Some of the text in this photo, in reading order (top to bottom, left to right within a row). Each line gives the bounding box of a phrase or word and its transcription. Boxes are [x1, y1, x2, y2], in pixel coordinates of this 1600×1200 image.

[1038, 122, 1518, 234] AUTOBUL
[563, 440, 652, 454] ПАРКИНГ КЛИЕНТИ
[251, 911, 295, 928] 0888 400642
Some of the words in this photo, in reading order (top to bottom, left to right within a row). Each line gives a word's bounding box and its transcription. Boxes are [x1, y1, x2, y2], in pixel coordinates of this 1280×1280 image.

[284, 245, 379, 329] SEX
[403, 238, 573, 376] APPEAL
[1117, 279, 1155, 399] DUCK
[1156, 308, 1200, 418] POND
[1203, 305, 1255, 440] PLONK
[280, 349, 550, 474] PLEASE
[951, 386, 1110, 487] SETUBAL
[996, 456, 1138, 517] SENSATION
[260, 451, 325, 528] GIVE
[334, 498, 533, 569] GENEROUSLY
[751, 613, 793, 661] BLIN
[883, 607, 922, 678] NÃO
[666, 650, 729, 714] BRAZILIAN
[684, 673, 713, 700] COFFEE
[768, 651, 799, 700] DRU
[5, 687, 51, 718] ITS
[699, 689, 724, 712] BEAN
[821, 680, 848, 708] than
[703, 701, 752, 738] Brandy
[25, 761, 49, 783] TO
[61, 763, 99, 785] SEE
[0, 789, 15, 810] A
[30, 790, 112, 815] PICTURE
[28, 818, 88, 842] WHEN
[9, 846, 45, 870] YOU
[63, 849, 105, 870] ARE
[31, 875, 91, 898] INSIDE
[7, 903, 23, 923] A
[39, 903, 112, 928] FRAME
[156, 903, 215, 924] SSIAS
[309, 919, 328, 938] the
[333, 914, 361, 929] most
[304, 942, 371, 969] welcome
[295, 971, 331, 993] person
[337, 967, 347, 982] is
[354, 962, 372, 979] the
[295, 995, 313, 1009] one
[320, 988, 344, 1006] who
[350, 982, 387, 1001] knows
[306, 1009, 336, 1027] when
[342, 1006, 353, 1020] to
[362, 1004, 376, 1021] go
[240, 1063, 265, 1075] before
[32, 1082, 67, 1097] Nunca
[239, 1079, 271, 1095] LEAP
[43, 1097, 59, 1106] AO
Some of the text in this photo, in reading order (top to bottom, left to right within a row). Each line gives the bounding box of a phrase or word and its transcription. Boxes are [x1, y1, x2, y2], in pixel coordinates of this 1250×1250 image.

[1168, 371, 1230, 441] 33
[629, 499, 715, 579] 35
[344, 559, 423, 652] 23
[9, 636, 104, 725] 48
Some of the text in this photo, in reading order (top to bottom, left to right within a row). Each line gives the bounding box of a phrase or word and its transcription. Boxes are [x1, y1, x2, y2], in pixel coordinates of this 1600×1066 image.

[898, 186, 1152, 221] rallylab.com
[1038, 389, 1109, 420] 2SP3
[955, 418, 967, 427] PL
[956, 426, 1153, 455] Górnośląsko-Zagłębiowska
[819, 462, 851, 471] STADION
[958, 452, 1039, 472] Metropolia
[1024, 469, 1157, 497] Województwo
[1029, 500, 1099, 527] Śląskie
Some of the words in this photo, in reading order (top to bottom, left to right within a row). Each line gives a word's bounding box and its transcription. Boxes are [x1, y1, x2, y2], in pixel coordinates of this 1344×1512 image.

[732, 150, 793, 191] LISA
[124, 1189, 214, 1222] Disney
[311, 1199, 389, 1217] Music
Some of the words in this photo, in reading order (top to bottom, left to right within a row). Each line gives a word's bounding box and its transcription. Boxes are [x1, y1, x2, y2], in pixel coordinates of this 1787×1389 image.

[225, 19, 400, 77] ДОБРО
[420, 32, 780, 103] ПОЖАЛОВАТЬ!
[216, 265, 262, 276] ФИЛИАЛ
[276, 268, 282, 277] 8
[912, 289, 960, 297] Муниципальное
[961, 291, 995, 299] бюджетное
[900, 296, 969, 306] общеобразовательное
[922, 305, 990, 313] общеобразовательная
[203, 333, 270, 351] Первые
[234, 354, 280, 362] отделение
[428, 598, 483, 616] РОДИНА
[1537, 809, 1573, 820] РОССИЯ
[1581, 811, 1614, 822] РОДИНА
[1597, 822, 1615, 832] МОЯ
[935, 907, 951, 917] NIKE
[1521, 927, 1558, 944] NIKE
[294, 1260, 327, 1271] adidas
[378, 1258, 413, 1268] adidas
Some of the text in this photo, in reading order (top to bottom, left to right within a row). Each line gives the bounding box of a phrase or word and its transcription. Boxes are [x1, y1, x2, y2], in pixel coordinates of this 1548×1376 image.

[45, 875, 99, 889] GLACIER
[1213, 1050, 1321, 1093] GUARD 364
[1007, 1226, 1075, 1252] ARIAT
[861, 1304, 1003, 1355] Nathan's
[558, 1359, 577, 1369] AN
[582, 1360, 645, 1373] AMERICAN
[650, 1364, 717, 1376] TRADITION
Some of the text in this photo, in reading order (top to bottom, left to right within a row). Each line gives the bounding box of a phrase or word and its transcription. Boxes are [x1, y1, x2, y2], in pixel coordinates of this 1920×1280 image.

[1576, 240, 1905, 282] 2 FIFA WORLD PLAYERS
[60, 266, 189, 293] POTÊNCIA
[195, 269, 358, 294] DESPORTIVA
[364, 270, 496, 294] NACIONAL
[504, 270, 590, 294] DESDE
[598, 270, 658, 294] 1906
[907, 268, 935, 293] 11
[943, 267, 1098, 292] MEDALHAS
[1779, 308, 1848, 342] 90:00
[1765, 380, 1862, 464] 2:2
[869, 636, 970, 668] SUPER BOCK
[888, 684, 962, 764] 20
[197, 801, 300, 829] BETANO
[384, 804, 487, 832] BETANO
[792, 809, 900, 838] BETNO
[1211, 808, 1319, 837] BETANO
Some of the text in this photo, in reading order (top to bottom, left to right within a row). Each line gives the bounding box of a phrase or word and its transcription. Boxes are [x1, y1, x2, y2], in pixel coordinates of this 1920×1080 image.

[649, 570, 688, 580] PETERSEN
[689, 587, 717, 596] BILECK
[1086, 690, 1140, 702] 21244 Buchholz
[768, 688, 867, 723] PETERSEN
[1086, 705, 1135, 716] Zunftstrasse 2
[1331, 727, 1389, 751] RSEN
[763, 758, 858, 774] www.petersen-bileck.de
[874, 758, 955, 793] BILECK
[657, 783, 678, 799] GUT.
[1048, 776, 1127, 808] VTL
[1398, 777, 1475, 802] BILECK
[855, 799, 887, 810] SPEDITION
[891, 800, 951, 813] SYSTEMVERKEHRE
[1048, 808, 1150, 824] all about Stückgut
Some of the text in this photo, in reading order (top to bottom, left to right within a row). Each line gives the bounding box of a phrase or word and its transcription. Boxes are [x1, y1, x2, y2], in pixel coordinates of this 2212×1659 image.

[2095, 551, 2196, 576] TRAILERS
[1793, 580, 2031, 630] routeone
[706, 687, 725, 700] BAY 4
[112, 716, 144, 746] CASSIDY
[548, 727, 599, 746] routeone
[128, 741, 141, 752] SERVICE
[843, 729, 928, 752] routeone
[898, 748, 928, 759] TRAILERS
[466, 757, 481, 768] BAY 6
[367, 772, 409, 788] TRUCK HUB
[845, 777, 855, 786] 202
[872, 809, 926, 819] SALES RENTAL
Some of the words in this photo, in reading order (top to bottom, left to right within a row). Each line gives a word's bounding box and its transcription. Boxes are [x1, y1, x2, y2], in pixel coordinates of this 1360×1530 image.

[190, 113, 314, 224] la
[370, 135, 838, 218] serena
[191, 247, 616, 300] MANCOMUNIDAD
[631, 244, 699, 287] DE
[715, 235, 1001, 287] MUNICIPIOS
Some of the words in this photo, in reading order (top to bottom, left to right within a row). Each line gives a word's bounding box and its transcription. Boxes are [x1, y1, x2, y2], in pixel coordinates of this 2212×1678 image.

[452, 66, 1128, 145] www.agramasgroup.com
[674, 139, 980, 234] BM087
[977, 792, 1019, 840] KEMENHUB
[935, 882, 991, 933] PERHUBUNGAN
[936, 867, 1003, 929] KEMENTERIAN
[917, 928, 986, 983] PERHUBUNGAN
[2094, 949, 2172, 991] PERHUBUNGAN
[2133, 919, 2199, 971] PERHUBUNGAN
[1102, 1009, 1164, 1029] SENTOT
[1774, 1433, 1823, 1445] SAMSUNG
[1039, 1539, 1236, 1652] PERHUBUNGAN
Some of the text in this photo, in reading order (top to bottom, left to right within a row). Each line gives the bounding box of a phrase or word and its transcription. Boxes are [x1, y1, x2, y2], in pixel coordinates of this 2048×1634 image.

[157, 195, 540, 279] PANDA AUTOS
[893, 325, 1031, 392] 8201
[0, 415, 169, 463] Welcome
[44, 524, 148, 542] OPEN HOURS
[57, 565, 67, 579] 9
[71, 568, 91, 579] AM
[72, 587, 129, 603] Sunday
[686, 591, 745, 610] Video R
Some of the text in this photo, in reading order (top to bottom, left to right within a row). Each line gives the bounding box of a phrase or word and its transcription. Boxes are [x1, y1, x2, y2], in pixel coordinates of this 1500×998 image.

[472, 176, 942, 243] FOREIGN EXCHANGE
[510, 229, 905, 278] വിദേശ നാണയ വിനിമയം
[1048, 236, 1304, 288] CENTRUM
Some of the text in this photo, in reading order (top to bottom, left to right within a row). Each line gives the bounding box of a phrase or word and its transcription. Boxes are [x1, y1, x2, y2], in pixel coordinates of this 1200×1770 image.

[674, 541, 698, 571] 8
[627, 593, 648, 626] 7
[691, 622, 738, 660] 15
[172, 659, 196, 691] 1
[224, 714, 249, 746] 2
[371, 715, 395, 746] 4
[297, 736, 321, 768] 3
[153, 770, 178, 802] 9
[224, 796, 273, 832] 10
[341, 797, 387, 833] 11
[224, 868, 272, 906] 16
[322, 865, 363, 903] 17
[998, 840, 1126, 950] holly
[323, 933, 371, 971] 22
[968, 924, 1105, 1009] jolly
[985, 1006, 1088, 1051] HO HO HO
═══
* **What needs to be done**: All lines from the line containing "this 1200×1770 image." through the last line of the data are to be repeated exactly; no other line belongs in the answer.

* **Output of the task**:
Some of the text in this photo, in reading order (top to bottom, left to right within a row). Each line gives the bounding box of a phrase or word and its transcription. Boxes are [x1, y1, x2, y2], in pixel coordinates of this 1200×1770 image.

[674, 541, 698, 571] 8
[627, 593, 648, 626] 7
[691, 622, 738, 660] 15
[172, 659, 196, 691] 1
[224, 714, 249, 746] 2
[371, 715, 395, 746] 4
[297, 736, 321, 768] 3
[153, 770, 178, 802] 9
[224, 796, 273, 832] 10
[341, 797, 387, 833] 11
[224, 868, 272, 906] 16
[322, 865, 363, 903] 17
[998, 840, 1126, 950] holly
[323, 933, 371, 971] 22
[968, 924, 1105, 1009] jolly
[985, 1006, 1088, 1051] HO HO HO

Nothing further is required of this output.